Golden Retriever lying on bed

Flexible working had been barging its way into the conversation for years before COVID, but progress had been slow. Only around 5% of employees worked mainly from home before the pandemic, for instance. 

Demand among employees was typically high – especially among employee groups like working parents – but few organizations had caught up, despite the proven benefits of hybrid work. Flexibility was the exception more than the rule, and where it was happening there was usually no formal process or policy to support employees.

COVID changed that overnight, of course, with millions of employees proving they don’t need to be physically in the office to work. Now, our research shows 87% of employees want flexible working to continue and 83% are thriving or completely unphased by hybrid work.

It’s worrying, then, that a third of leaders say they want their people back in the office five days a week. Even despite 90% admitting they know flexible working is important to employees. (Important enough that 69% of employees would consider moving jobs if you forced them back to the office.)

To avoid an engagement and retention crisis, organizations must keep up with changing employee expectations. And more important, must take a proactive, measured, systematic approach to position hybrid working for success.

Here’s where to focus:

  • On supporting employees working from home. Hybrid working will only prove sustainable if WFH is a genuine possibility – but our research showed a third of employees don’t even have a proper home set-up. Where can you help? Make sure you’re getting the basic logistical stuff right like access to a decent laptop, but also look for new opportunities to add value. Could you offer to subsidize internet, for example, or provide ergonomic office furniture?
  • On updating your processes and policies. The new working environment presents new situations, challenges, and opportunities to support your people. For example, do the same disciplinary processes apply if someone’s consistently late to come online from home? Do new hires still need to arrive in-person on day one, and who’ll be there to meet them?
  • On providing personalized support. Different employee groups have different needs. Underrepresented groups might have unique concerns or face unique challenges right now, for example. Managers might need particular support to manage hybrid teams. And younger members of your workforce might need tailored support, given HR Magazine’s finding that employees aged 18 to 24 have been disproportionately negatively impacted by working from home.
  • On truly listening. Now’s the time to up the ante on employee listening – but it’s crucial not to fall into the endless survey trap without taking action. New research shows 83% of employees feel they’re not heard fairly or equally at work. One in three would rather quit their job than voice their concerns at work. Your workplace must be a psychologically safe space for your people to confide, or you’ll lose them.   

💬 Are you urgently managing burnout? 

Burnout has been escalating for years, if not decades.

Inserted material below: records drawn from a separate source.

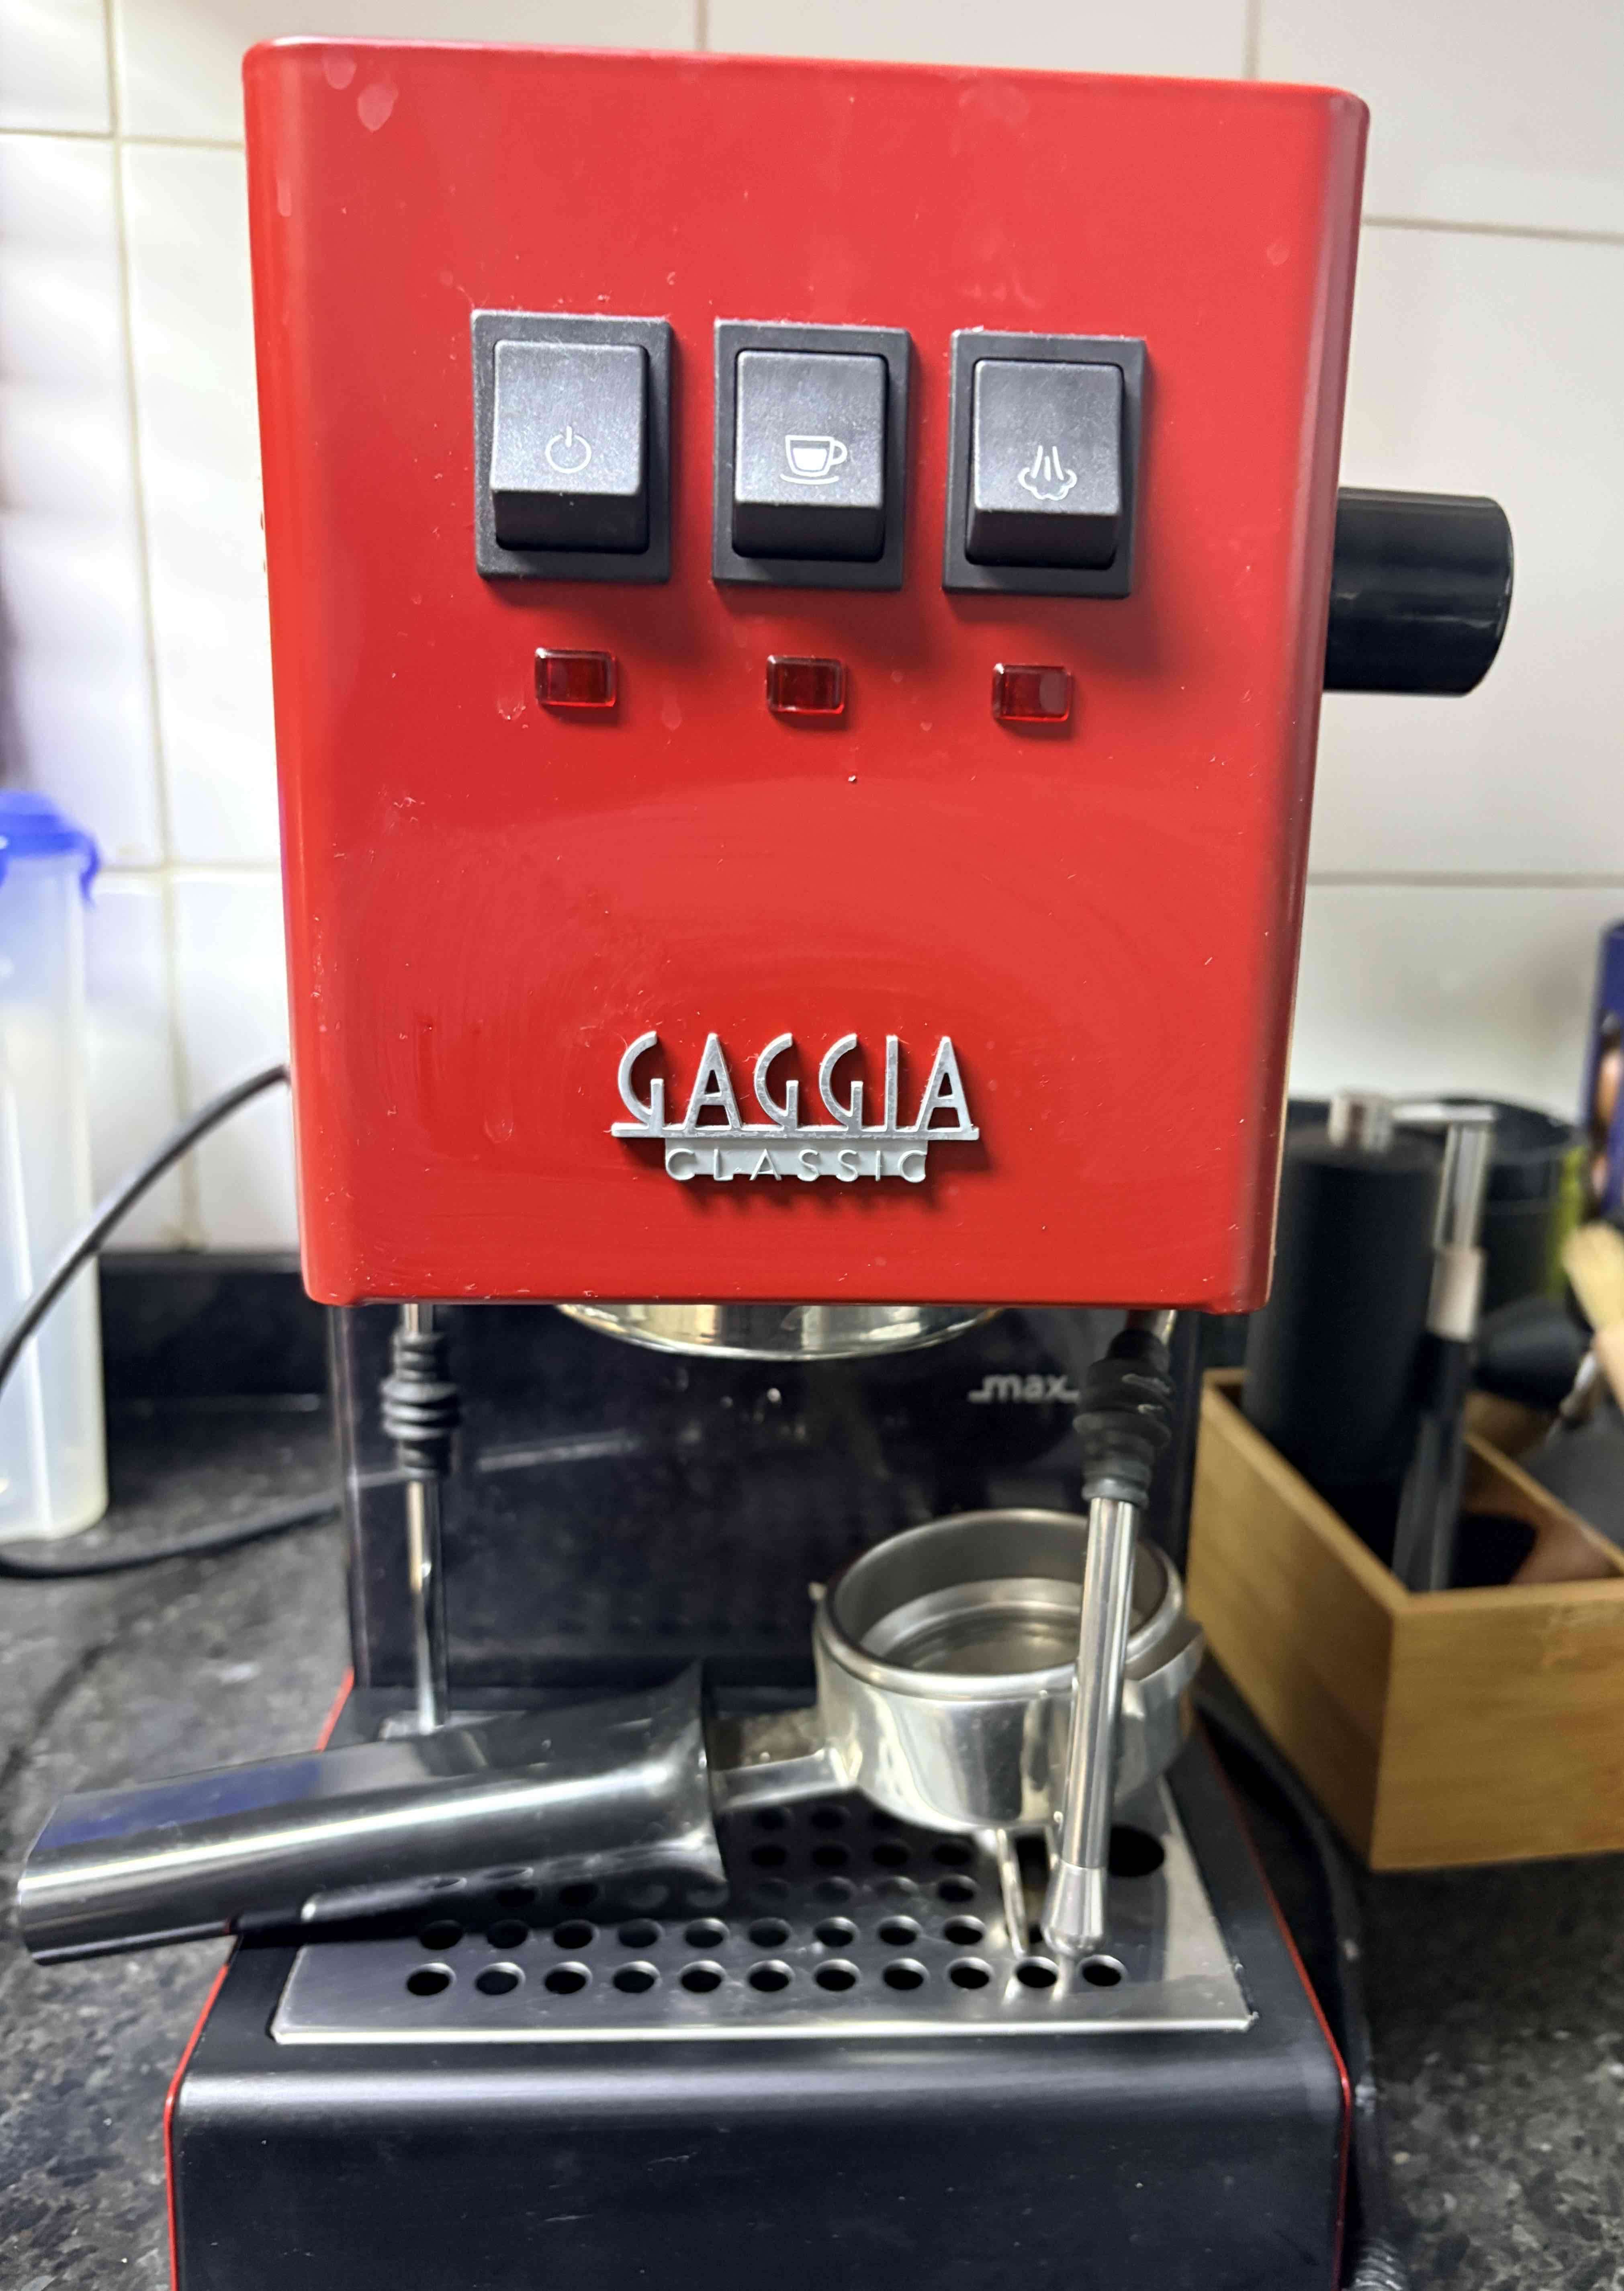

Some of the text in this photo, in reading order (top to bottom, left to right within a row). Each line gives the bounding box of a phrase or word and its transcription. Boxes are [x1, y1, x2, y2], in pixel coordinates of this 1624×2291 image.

[616, 1030, 976, 1136] GAGGIA
[665, 1148, 927, 1183] CLASSIC
[981, 1374, 1069, 1403] max
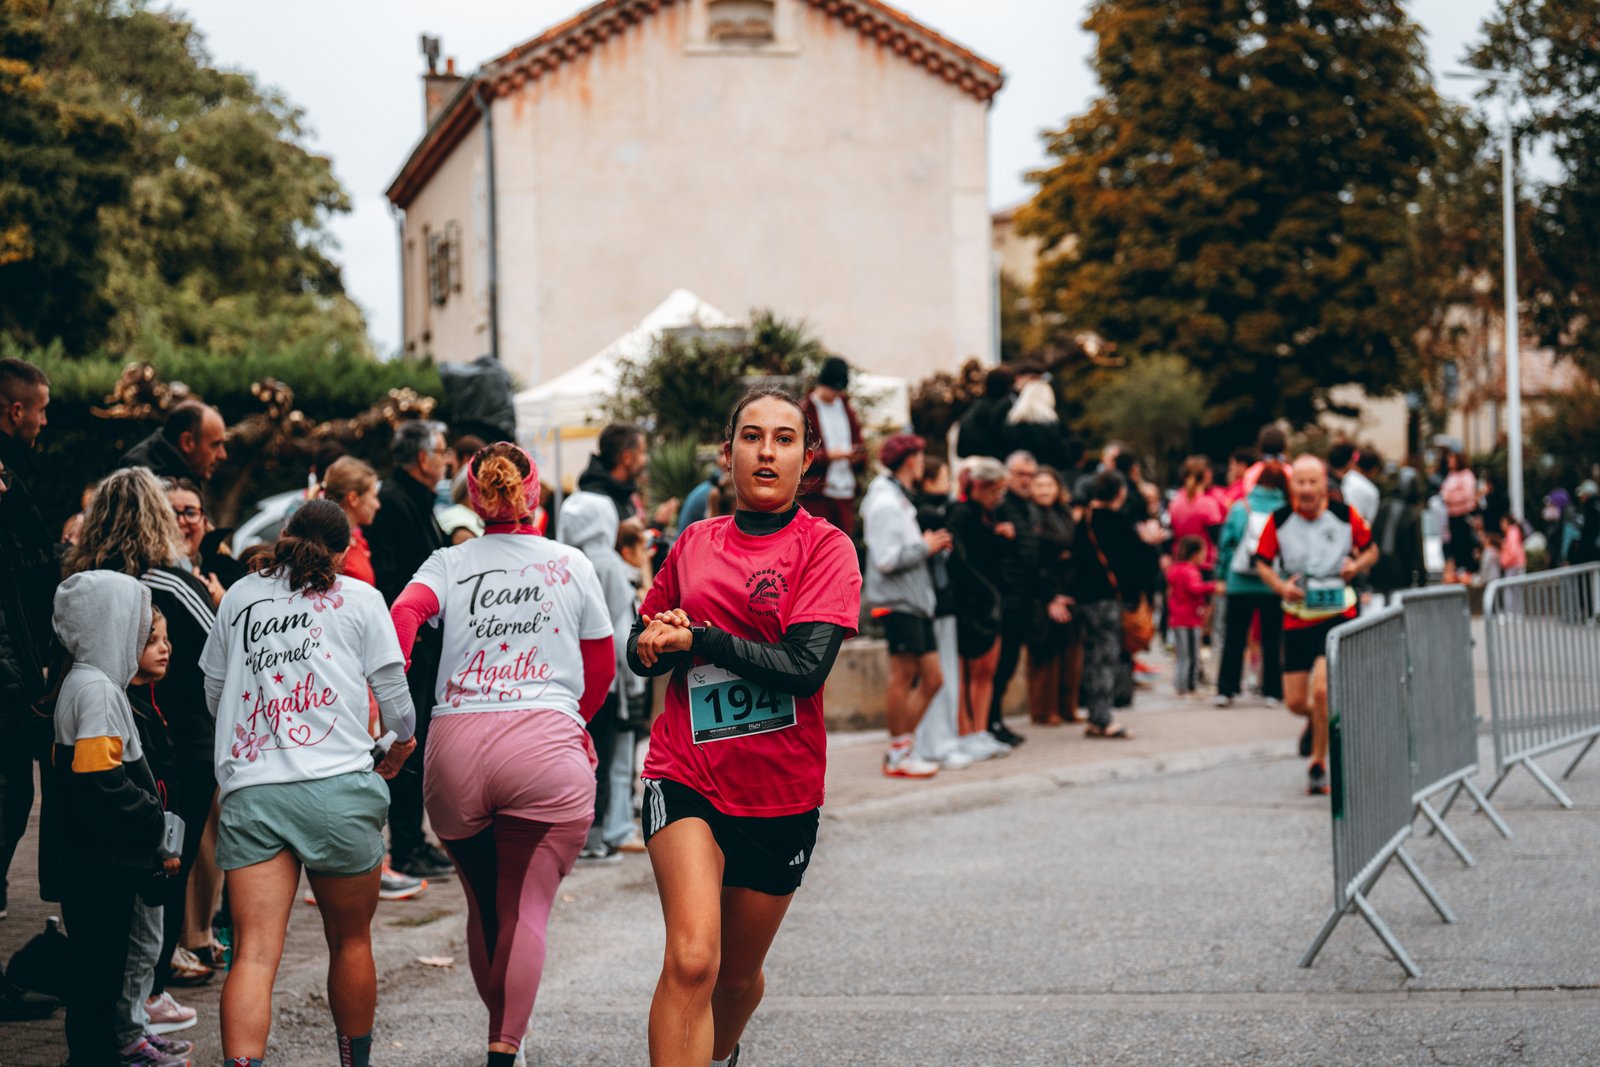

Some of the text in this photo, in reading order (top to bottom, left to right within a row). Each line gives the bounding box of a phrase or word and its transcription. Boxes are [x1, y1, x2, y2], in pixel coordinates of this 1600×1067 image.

[457, 569, 544, 615] Team
[746, 568, 789, 592] OCTOBRE ROSE
[232, 599, 313, 652] Team
[469, 612, 551, 639] “éternel”
[457, 646, 554, 695] Agathe
[247, 672, 338, 736] Agathe
[704, 684, 781, 723] 194

You probably know that alarming Gallup stat, that 23% of employees say they feel burned out very often or always and another 44% feel burned out sometimes. Not good for a whole host of reasons, like stagnating productivity, collapsing engagement, and mounting churn. 

And as you’d rightly assume, the pandemic has done nothing to help. Our research found 66% of employees feel burned out right now – leaping to 81% among people leaders.

Burn-out has been a substantial challenge for years but taking control must now be an urgent priority. If not, organizations will almost certainly face knock-on implications for the workforce for years to come. 

Indeed, we’re already seeing the warning signs, with 3.6 million Americans resigning in May 2021 alone. Gallup say 48% of the US workforce is actively job searching right now. 

Let that sink in for a moment. What would losing half your workforce feel like? What would it mean, for all the projects left unfinished, clients left unserved, and teams let behind, picking up an ever-increasing slack?

Organizations will sink or swim over how well they manage burnout right now, with winners getting access to a massive talent pool of migrating talent that’s flooding out from the losers.

Here’s where to focus:

  • On fewer meetings. Meetings had a bad rap even before the pandemic – and now, a situation nobody thought could get much worse has just worsened considerably. We found 45% of employees and 73% of leaders say spontaneous calls and same day meetings have increased since working from home, for example. Outline the rules of engagement for communication and collaboration. Carve out dedicated no-meeting times, so your people have a chance to make progress on their workloads.
  • On boundaried working hours. 70% of employees we spoke to said they’re working the same or more hours from home. 62% of leaders say they’re working more hours. New CIPD research reinforces the problem, finding 53% of employees feel pressure to be available constantly now. That’s simply unsustainable. Managers and leaders must model the right behaviors and proactively encourage work/life balance.
  • On concise communication. We found employees and leaders are inundated and overwhelmed with communication channels, with 70% of people leaders having to navigate more than three channels. We’ve talked before about communicating in the flow of work – that’s especially important right now. It’s about streamlining employees’ attention and ability to concentrate, rather than endlessly pulling them in different directions. 

💬 Are you communicating the organization’s plans? 

man in blue and white plaid dress shirt using macbook pro
Our research over the years has consistently proved two things. One, to support employees through any transition, communication is crucial. And two, businesses are typically way worse at communicating than they think. 

Our recent Hybrid Workforce report is no different, revealing a major communication disconnect between leaders and employees. 64% of business leaders said they’d communicated their post-pandemic plans well – compared to 68% of employees who said the organization’s plans are vague or haven’t been communication at all.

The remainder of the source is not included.